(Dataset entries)
----------
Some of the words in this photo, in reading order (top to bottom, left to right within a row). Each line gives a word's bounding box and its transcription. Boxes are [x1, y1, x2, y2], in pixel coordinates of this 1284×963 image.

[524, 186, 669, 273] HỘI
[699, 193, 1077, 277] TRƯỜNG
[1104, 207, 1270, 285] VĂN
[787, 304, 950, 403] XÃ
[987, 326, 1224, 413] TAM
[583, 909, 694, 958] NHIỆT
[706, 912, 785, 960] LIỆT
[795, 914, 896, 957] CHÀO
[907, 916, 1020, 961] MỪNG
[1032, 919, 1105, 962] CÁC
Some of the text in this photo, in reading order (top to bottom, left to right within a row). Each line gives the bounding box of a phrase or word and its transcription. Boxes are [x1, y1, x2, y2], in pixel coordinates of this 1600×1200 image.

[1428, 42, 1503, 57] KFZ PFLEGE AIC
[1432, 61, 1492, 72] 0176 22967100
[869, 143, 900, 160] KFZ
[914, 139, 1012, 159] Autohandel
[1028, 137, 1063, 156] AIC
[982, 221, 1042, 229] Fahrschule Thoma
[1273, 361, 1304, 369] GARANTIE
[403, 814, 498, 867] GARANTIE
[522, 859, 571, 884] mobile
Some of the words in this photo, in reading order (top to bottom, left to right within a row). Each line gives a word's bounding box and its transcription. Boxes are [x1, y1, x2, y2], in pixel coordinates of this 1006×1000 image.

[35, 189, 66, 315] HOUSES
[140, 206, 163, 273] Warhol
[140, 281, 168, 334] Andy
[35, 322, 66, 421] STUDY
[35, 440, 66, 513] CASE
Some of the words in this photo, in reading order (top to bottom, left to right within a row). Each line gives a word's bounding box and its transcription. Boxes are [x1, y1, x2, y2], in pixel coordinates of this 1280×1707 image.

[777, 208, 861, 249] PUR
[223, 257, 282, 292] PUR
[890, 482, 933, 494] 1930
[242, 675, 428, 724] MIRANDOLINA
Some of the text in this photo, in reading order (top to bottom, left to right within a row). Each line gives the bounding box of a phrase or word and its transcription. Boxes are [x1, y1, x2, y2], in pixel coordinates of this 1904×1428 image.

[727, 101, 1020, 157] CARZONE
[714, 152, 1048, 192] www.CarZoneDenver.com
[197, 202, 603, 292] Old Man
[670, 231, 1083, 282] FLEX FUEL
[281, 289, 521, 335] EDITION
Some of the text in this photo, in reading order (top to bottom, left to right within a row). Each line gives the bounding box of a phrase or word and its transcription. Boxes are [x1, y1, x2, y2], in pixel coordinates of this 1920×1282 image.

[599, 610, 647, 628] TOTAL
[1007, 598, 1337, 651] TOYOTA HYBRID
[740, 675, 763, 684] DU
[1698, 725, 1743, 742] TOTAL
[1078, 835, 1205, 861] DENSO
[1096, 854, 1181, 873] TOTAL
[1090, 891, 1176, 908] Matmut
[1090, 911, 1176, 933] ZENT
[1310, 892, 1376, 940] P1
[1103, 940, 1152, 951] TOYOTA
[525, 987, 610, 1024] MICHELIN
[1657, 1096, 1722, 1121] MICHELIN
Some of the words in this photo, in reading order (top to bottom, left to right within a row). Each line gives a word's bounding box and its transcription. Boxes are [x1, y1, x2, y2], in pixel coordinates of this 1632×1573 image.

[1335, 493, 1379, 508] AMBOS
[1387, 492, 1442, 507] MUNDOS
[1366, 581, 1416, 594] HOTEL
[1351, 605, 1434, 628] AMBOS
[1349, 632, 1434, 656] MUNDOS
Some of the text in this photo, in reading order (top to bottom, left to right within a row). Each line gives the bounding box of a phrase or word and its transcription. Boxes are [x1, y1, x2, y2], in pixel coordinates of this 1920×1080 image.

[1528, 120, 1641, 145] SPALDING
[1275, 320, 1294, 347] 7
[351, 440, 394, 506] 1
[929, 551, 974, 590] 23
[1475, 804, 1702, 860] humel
----------
What is required:
Reproduce the data exactly. Keep every line intact.

Solution to this task:
Some of the words in this photo, in reading order (top to bottom, left to right within a row). Each line gives a word's bounding box and its transcription. Boxes are [x1, y1, x2, y2], in pixel coordinates of this 1284×963 image.

[524, 186, 669, 273] HỘI
[699, 193, 1077, 277] TRƯỜNG
[1104, 207, 1270, 285] VĂN
[787, 304, 950, 403] XÃ
[987, 326, 1224, 413] TAM
[583, 909, 694, 958] NHIỆT
[706, 912, 785, 960] LIỆT
[795, 914, 896, 957] CHÀO
[907, 916, 1020, 961] MỪNG
[1032, 919, 1105, 962] CÁC
Some of the text in this photo, in reading order (top to bottom, left to right within a row). Each line gives the bounding box of a phrase or word and its transcription. Boxes are [x1, y1, x2, y2], in pixel coordinates of this 1600×1200 image.

[1428, 42, 1503, 57] KFZ PFLEGE AIC
[1432, 61, 1492, 72] 0176 22967100
[869, 143, 900, 160] KFZ
[914, 139, 1012, 159] Autohandel
[1028, 137, 1063, 156] AIC
[982, 221, 1042, 229] Fahrschule Thoma
[1273, 361, 1304, 369] GARANTIE
[403, 814, 498, 867] GARANTIE
[522, 859, 571, 884] mobile
Some of the words in this photo, in reading order (top to bottom, left to right within a row). Each line gives a word's bounding box and its transcription. Boxes are [x1, y1, x2, y2], in pixel coordinates of this 1006×1000 image.

[35, 189, 66, 315] HOUSES
[140, 206, 163, 273] Warhol
[140, 281, 168, 334] Andy
[35, 322, 66, 421] STUDY
[35, 440, 66, 513] CASE
Some of the words in this photo, in reading order (top to bottom, left to right within a row). Each line gives a word's bounding box and its transcription. Boxes are [x1, y1, x2, y2], in pixel coordinates of this 1280×1707 image.

[777, 208, 861, 249] PUR
[223, 257, 282, 292] PUR
[890, 482, 933, 494] 1930
[242, 675, 428, 724] MIRANDOLINA
Some of the text in this photo, in reading order (top to bottom, left to right within a row). Each line gives the bounding box of a phrase or word and its transcription. Boxes are [x1, y1, x2, y2], in pixel coordinates of this 1904×1428 image.

[727, 101, 1020, 157] CARZONE
[714, 152, 1048, 192] www.CarZoneDenver.com
[197, 202, 603, 292] Old Man
[670, 231, 1083, 282] FLEX FUEL
[281, 289, 521, 335] EDITION
Some of the text in this photo, in reading order (top to bottom, left to right within a row). Each line gives the bounding box of a phrase or word and its transcription. Boxes are [x1, y1, x2, y2], in pixel coordinates of this 1920×1282 image.

[599, 610, 647, 628] TOTAL
[1007, 598, 1337, 651] TOYOTA HYBRID
[740, 675, 763, 684] DU
[1698, 725, 1743, 742] TOTAL
[1078, 835, 1205, 861] DENSO
[1096, 854, 1181, 873] TOTAL
[1090, 891, 1176, 908] Matmut
[1090, 911, 1176, 933] ZENT
[1310, 892, 1376, 940] P1
[1103, 940, 1152, 951] TOYOTA
[525, 987, 610, 1024] MICHELIN
[1657, 1096, 1722, 1121] MICHELIN
Some of the words in this photo, in reading order (top to bottom, left to right within a row). Each line gives a word's bounding box and its transcription. Boxes are [x1, y1, x2, y2], in pixel coordinates of this 1632×1573 image.

[1335, 493, 1379, 508] AMBOS
[1387, 492, 1442, 507] MUNDOS
[1366, 581, 1416, 594] HOTEL
[1351, 605, 1434, 628] AMBOS
[1349, 632, 1434, 656] MUNDOS
Some of the text in this photo, in reading order (top to bottom, left to right within a row). Each line gives the bounding box of a phrase or word and its transcription. Boxes are [x1, y1, x2, y2], in pixel coordinates of this 1920×1080 image.

[1528, 120, 1641, 145] SPALDING
[1275, 320, 1294, 347] 7
[351, 440, 394, 506] 1
[929, 551, 974, 590] 23
[1475, 804, 1702, 860] humel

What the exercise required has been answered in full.